Home > Uncategorized > BioEngineered Cyanobacteria Produce Twice As Much Hydrogen

BioEngineered Cyanobacteria Produce Twice As Much Hydrogen

Read the article by Rebecca Boyle from popsci here

Read the actual PNAS paper, Lubner, Applegate et al. 2011

Researchers led by Carolyn Lubner at Penn State worked with a cyanobacterium called Synechococcus and another bacterium, Clostridium acetobutylicum. In nature, photosynthetic organisms use light-capturing enzymes nicknamed Photosystem I and II, which absorb light and excite electrons to a higher energy state. Another enzyme called FNR then uses these electrons to produce an energy-storage molecule.

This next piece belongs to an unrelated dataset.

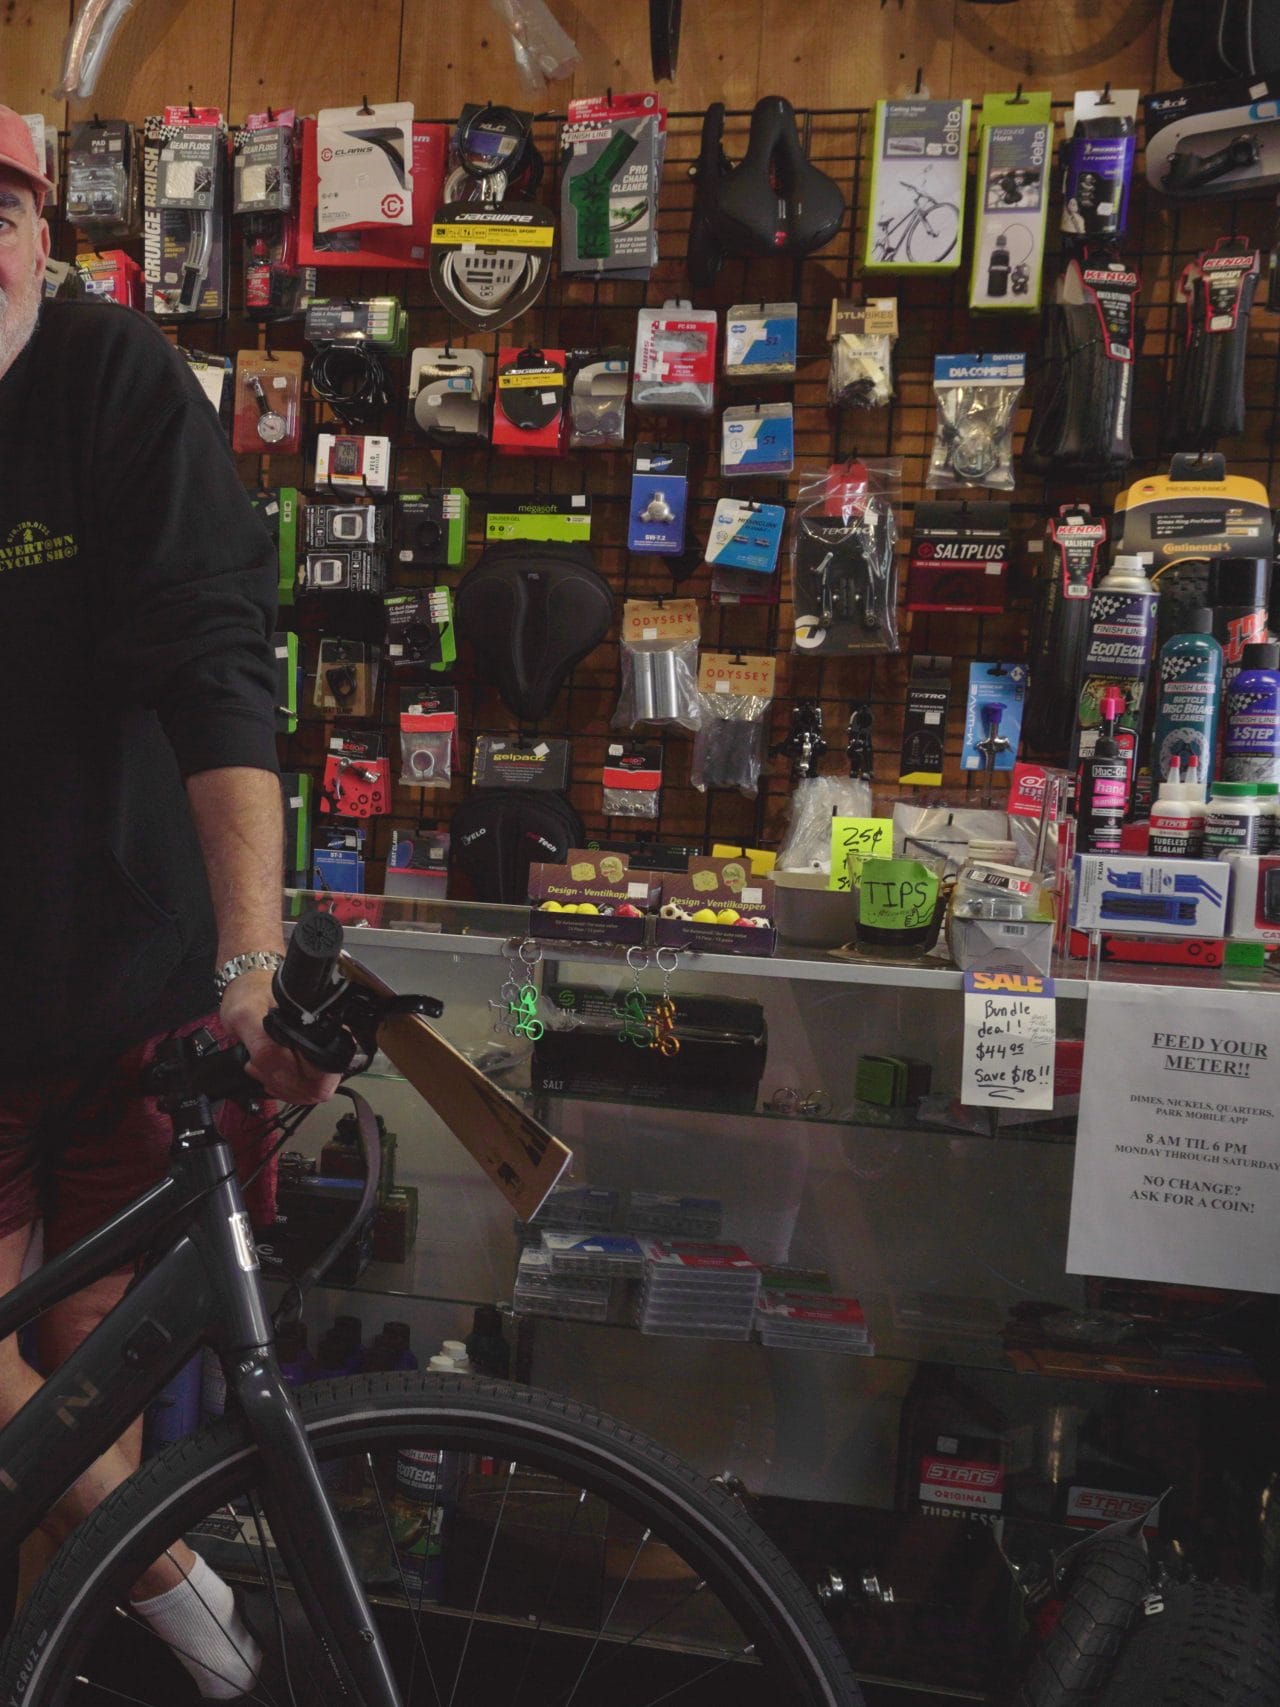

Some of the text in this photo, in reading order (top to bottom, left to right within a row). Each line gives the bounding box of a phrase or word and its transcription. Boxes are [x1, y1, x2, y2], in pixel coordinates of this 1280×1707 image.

This molecule is used to make sugars to keep the organism alive, and that’s your basic photosynthesis process.

Lubner et al replaced the FNR enzyme with a hydrogenase enzyme, which combines electrons with hydrogen ions to make molecular hydrogen (instead of a sugar-producing system). Then they used this enzyme to stitch together iron-based terminals of a Photosystem I enzyme from each of the bacteria. This stitch served as a molecular wire, easily and quickly transferring electrons. The researchers doped it with vitamin C, which served as the electron feedstock.

The result was a high-throughput hydrogen-producing system — electron flow was more than twice as high as the bacteria’s individual rates, the authors say. It produced hydrogen molecules for several hours, as long as it had vitamin C to use. The system is easily adaptable to other enzyme terminals and other bacteria, the authors say. As such, it could be used to produce a wide range of potential biofuels.”